Jon Krosnick is University Fellow at Resources for the Future. We thank Patti Williams, Lauren Block, and Gavan Fitzsimons for providing us with their data sets for the analyses reported here.
Notes
Jon Krosnick is University Fellow at Resources for the Future. We thank Patti Williams, Lauren Block, and Gavan Fitzsimons for providing us with their data sets for the analyses reported here.
1. Because of the presence of zeros in the distribution, the dependent variable must be transformed by adding a constant, as in ln(y+c), where c is a constant that moves the distribution to the right to eliminate the zero values. Selection of c is arbitrary. In the results reported here, we set c = 1, as is routinely done (Clarke & Green, Citation1988; Field et al., Citation1982; Kirk, Citation1995). In addition, we also tried setting c = .0001 and c = .05 and found that the associated p‐values were even less statistically significant than the results we report.

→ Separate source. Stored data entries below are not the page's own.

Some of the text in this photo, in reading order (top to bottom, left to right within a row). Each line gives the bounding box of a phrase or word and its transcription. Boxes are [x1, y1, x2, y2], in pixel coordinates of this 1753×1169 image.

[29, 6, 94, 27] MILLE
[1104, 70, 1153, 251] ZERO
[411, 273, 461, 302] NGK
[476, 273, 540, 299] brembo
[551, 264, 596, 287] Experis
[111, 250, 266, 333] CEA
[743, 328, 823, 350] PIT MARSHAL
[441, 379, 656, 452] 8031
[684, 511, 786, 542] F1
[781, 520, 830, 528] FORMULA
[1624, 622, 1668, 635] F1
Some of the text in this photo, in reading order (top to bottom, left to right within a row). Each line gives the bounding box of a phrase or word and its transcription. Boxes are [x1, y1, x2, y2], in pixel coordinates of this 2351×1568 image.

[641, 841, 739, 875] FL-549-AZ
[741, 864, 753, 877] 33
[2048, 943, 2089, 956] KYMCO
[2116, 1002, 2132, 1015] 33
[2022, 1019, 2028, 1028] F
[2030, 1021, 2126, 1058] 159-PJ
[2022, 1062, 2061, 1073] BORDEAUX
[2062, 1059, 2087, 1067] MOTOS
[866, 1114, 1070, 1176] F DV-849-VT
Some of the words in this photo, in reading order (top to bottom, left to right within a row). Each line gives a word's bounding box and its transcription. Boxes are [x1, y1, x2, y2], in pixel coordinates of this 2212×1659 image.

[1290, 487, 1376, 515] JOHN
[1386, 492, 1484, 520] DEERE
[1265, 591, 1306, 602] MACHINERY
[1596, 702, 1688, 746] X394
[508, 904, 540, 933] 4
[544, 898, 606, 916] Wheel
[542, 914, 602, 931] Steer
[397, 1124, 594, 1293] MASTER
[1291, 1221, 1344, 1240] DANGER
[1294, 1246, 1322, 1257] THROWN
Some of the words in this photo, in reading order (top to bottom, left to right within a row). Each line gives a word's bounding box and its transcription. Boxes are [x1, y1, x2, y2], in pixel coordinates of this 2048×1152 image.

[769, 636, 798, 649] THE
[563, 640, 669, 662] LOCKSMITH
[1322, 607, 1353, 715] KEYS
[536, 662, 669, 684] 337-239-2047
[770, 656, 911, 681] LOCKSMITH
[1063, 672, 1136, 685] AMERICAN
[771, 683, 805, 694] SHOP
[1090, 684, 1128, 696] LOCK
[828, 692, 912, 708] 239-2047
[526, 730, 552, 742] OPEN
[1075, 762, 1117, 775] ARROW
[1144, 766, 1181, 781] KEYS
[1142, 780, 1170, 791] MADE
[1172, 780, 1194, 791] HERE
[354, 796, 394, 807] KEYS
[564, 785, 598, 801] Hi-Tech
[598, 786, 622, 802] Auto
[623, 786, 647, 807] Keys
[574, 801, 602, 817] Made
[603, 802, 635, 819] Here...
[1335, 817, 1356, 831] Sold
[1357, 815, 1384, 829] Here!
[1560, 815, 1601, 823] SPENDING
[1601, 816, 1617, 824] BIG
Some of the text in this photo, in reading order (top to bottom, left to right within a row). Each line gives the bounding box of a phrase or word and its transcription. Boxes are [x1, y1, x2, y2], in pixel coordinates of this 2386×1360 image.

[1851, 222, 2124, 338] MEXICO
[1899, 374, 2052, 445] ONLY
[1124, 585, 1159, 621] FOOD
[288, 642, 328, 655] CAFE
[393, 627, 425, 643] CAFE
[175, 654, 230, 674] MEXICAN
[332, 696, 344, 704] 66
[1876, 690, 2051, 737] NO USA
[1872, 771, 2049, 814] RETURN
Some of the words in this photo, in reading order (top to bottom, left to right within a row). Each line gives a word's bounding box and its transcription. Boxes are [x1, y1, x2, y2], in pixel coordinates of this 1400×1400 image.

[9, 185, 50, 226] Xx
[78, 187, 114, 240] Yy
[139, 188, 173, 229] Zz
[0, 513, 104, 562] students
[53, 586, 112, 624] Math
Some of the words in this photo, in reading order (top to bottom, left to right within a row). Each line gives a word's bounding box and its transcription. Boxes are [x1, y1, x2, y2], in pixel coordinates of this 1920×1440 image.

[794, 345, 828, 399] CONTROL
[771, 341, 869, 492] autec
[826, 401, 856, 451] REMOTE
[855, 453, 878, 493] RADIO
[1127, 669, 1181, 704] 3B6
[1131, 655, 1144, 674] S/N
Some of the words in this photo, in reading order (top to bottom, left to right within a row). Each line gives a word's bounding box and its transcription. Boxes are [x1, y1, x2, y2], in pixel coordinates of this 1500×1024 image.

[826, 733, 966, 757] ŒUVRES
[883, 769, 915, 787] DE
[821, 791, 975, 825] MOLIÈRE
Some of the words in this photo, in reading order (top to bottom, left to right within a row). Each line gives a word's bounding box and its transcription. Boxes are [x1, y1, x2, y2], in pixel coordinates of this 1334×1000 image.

2. Count data are sometimes analyzed via regression based on a Poisson distribution as well, but we restricted our investigation to the more general negative binomial distribution, following recommendations by Gardner et al. (Citation1995) and Long (Citation1995).
3. The huge proportion of zero drug uses means that an estimator for a zero‐inflated distribution might seem appropriate (Long, Citation1995). Such an estimator assumes that the observed distribution results from two different processes, one that determines whether the dependent variable is zero or non‐zero, and a second that determines, among the non‐zeros, what the observed value will be. We did not implement this approach, because we saw no basis for assuming that different processes governed use versus non‐use of drugs and amount of drug use.
4. The log‐transformed distribution was generated by using ln(y) instead of ln(y+1), because the distribution did not include any zero values, so addition of a constant was not necessary.
5. Removing these two outliers also caused the non‐significant correlation that Williams et al. (Citation2006a) reported between the estimated likelihood of using drugs and the actual frequency of drug use within the treatment group (reported: r = .034; p = .761; N = 85) to become stronger and marginally significant (r = .204; p = .065; N = 83), showing again how sensitive the presented conclusions are to outliers.
6. The log‐transformation has to be conducted before the test is used. The log‐transformation in Stata would be done by using the command generate lndrugs = log(drugs) where drugs is the original variable and lndrugs is the transformed variable.